There was scant time to so much as blink. Blitzer’s head twisted just in time to see a swarm of blackened Spinarak skitter out of the bushes, their eyes glowing purple with a burning rage. The charmander gasped and kicked the ground: Chunks of muddy dirt split from the ground and pelted the spiders with the strength of the earth. The spiders shook themselves clean, brown turning to dark blue as they skittered ever closer to the Charmander whose mouth was now blazing.

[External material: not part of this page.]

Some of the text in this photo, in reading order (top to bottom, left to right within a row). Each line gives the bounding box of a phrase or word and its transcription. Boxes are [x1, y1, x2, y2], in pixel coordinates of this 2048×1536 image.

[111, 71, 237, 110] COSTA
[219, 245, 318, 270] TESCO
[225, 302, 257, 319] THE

A stream of fire roared through the woods. The cry was joined by a screech. George got up and took his scalchop into his hand. His heart pounded. A spider screeched; dark wings broke between the bushes with the speed of a drone. The shape of a Dustox emerged - and far more was on the horizon. It was as if the whole forest had woken from hibernation: Paras crawled in the distance, Dwebble emerged from behind pebbles. Caterpies, Weedles, Wurmples, every bug in the forest was sliding off the bark or through the grass, their carapaces gleaming with shadows. George bit his lip, and tightened his grip on the scalchop. The thought of running wasn’t even an idea anymore.

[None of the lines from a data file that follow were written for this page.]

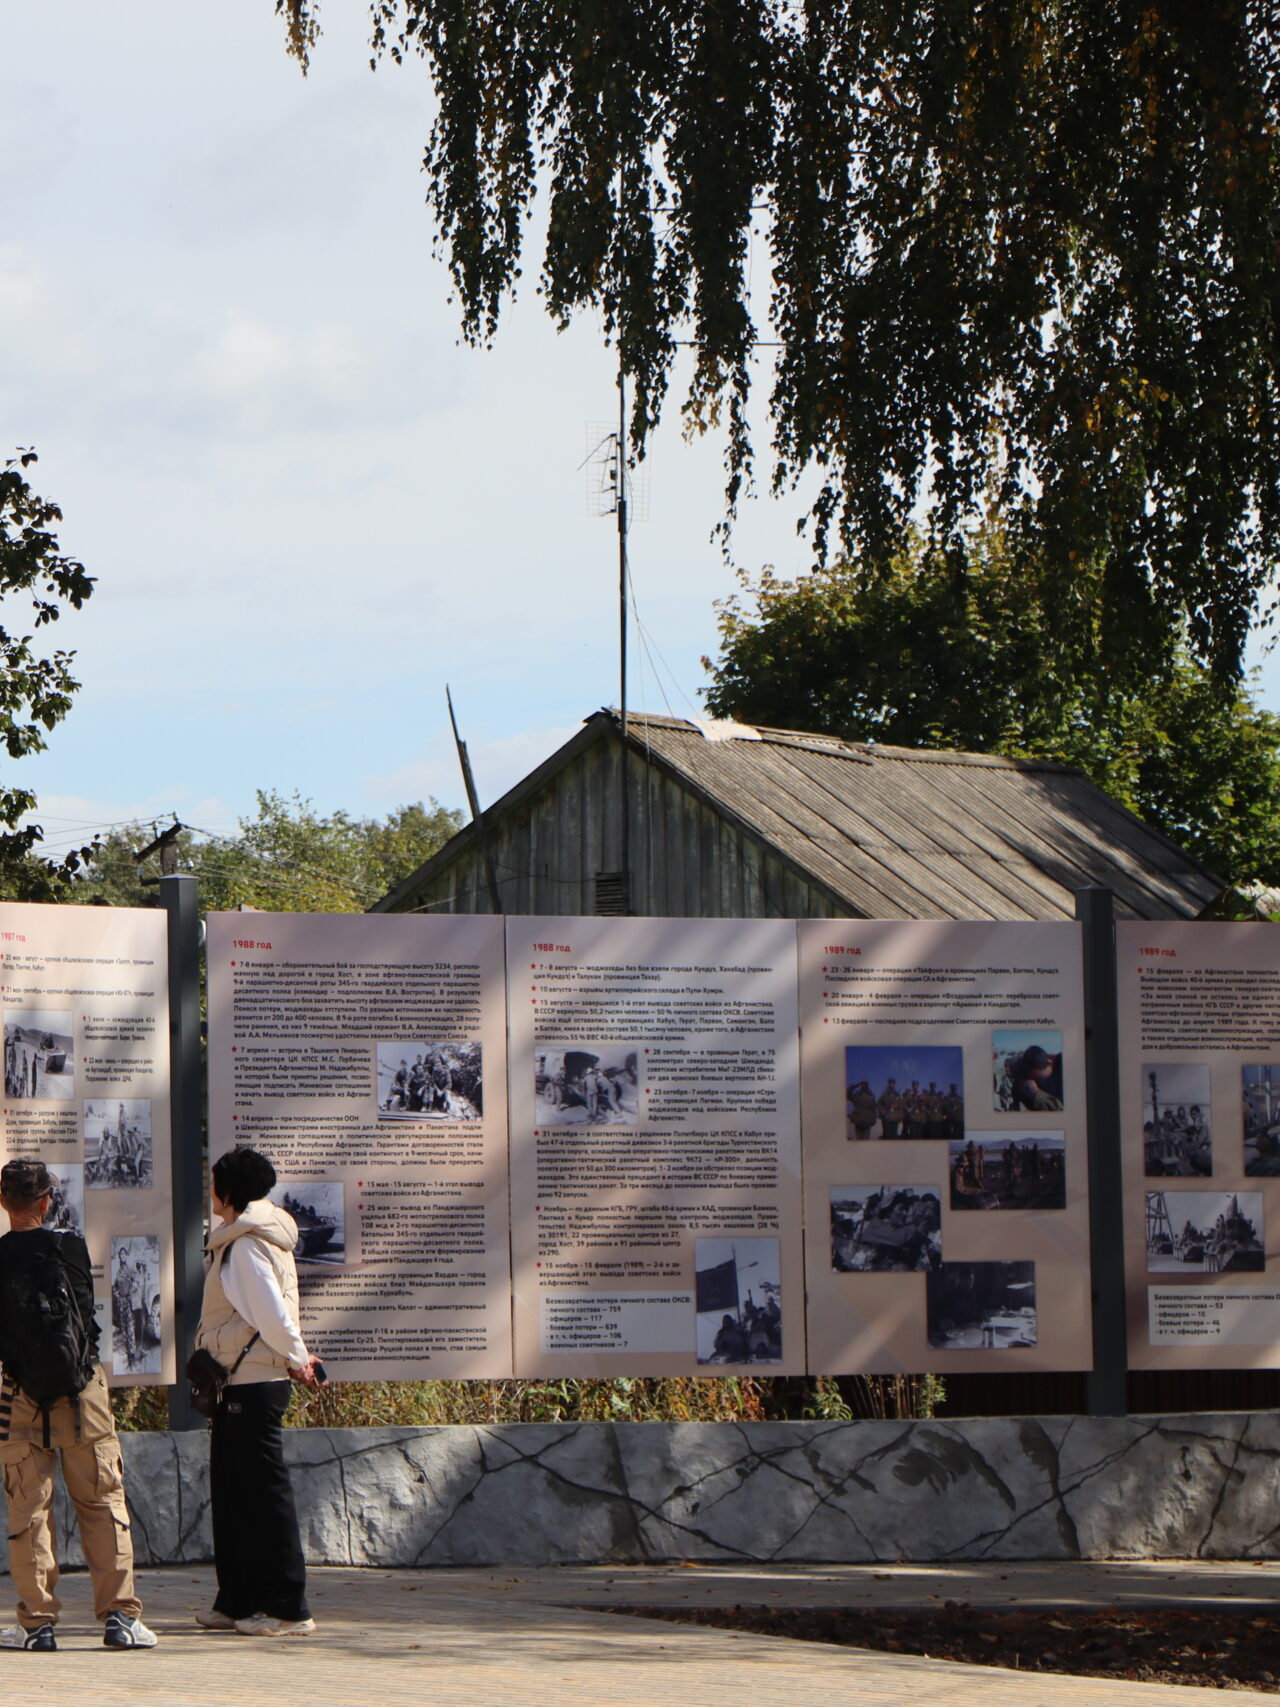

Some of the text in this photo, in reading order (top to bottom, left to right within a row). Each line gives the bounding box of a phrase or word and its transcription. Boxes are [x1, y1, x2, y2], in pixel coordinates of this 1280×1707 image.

[1, 932, 25, 942] 1987 год
[232, 940, 254, 948] 1988
[532, 943, 554, 951] 1988
[824, 945, 861, 955] 1989 год
[1139, 947, 1160, 955] 1989

‘Focus, George… you can do this!’
The Oshawott tapped into his energy, hydrating his throat and stomach. The Dustox wings skittered with yellow pollen. George spat a blast of water square at its head, and hit the bullseye - the Dustox screeched as it was thrown back against a tree with enough force to send scraps of bark flying. Seeing his handy work as adrenaline pumped through his veins, George couldn’t resist the urge to smile.
‘Yeah. I did that.’
A current of flame scorched past into the push. Two Spinarak and a Weedle were left wildly flailing their flamed limbs around, weakly releasing their agonized hisses for their kin to hear, their now roasted bodies polluting the air with a noxious scent. The other bugs marching through the woods did not relent. Kricketunes whistled in the distance. Sewaddles and Sizzlipedes, Scatterbugs and Venipedes all crawled from burrows and thickets, each bearing their shadowy bodies towards the corpses of the other bugs, their hollow purple eyes eyeing the two as if they were objects. As if they were nothing. Space to be crawled through. Pebbles to crush. Food to be eaten. Blitzer spat and scorched all he could, and George brought a torrent down upon their heads, drowning the darkness out with a fury that seemed blessed by Kyogre itself.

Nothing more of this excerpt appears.